Abstract

Abstract Breast cancer is a major terminal disease that occurs largely among females. This disease stems from abnormal mutations in the genes of normal cells, thereby resulting in development of cancerous cells. Though there have being several research breakthroughs in the field of medicine in taming this disease, however, computer aided diagnosis on the other hand has proven very supportive in the quest. Techniques such as Machine Learning (ML) and Medical Expert Systems (MES) algorithms have added impetus to the use of artificial intelligence in detecting and diagnosing breast cancer. While MES may seem promising in machine based diagnostic systems, their accuracy is often impaired by inefficient medical reasoning algorithms employed. This paper therefore seeks to address the limitation of one such reasoning algorithm known as Select and Test (ST). The approach in this paper is to first create an efficient input mechanism that enables the system to read, filter and clean input from datasets.
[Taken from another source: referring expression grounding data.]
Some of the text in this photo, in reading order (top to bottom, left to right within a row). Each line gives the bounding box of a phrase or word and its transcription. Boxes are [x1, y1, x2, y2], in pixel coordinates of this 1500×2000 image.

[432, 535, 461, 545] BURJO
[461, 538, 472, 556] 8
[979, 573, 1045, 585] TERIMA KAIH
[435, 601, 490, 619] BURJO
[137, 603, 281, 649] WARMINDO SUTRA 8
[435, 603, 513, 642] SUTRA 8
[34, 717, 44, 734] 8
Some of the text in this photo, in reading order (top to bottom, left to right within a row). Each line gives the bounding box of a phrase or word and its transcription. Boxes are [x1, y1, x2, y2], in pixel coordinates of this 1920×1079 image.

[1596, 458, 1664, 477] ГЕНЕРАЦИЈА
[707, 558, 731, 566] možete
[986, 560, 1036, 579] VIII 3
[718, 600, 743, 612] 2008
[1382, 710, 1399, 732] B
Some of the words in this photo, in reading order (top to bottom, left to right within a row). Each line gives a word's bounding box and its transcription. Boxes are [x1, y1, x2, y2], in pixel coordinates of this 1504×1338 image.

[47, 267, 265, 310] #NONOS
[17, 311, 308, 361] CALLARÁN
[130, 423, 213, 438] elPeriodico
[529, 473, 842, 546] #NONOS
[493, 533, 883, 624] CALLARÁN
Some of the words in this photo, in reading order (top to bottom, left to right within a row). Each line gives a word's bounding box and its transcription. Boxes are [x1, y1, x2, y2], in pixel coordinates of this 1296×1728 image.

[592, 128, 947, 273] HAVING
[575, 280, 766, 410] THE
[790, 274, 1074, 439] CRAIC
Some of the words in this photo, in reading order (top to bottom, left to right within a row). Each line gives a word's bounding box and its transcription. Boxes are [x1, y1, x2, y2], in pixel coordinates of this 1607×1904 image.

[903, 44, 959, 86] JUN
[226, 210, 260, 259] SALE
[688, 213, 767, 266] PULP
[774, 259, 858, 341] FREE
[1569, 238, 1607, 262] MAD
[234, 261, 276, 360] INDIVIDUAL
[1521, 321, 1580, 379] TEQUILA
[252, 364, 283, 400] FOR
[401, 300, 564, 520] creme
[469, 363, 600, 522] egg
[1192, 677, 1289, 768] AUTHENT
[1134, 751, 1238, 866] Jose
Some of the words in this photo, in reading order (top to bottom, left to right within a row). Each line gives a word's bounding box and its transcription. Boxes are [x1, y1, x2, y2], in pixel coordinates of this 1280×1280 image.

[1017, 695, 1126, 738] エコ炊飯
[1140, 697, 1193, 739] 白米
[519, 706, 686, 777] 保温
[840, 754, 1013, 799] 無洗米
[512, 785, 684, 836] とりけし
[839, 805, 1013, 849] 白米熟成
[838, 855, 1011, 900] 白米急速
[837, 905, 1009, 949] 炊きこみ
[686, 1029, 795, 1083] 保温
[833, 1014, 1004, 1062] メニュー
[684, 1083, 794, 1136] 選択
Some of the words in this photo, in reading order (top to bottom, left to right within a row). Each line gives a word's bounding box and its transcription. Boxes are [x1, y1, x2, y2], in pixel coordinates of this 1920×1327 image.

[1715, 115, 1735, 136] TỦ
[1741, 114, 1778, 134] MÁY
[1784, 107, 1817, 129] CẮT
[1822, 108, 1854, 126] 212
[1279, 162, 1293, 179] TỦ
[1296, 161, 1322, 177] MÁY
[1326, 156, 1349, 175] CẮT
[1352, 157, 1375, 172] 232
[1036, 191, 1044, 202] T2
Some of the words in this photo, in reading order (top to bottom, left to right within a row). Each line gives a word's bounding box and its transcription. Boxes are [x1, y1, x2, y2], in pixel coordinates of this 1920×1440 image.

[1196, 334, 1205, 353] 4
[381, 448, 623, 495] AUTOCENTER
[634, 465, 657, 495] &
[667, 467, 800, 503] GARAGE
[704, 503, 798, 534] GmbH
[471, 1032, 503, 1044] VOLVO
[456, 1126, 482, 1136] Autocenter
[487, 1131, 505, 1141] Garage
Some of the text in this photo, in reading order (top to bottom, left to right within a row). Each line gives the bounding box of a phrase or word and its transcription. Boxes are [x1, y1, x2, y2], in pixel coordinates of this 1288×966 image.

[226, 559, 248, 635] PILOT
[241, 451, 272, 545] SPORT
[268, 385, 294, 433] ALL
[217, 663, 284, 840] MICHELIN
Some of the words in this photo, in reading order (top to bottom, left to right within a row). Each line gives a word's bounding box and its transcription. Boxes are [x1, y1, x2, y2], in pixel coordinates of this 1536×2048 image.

Secondly, semantic web languages (ontologies and rule languages) were used to create a coordinated rule set and a knowledge representation framework was created to aid the reasoning algorithm. As a result, the reasoning structures of ST were modified to accommodate this enhancement. Thereafter, the input generating mechanism was used to transform instances of the databases of Breast Cancer Wisconsin Data set retrieved from UCI Learning Repository. The generated inputs were passed into the improved ST algorithm to diagnose breast cancer in patients captured in the datasets. Experiments were carried out, and result show that 26.60%, 56.17%, and 54.05% were diagnosed of breast cancer in Wisconsin Breast Cancer Database (WBCD), Wisconsin Diagnostic Breast Cancer (WDBC), and Wisconsin Prognostic Breast Cancer (WPBC) respectively.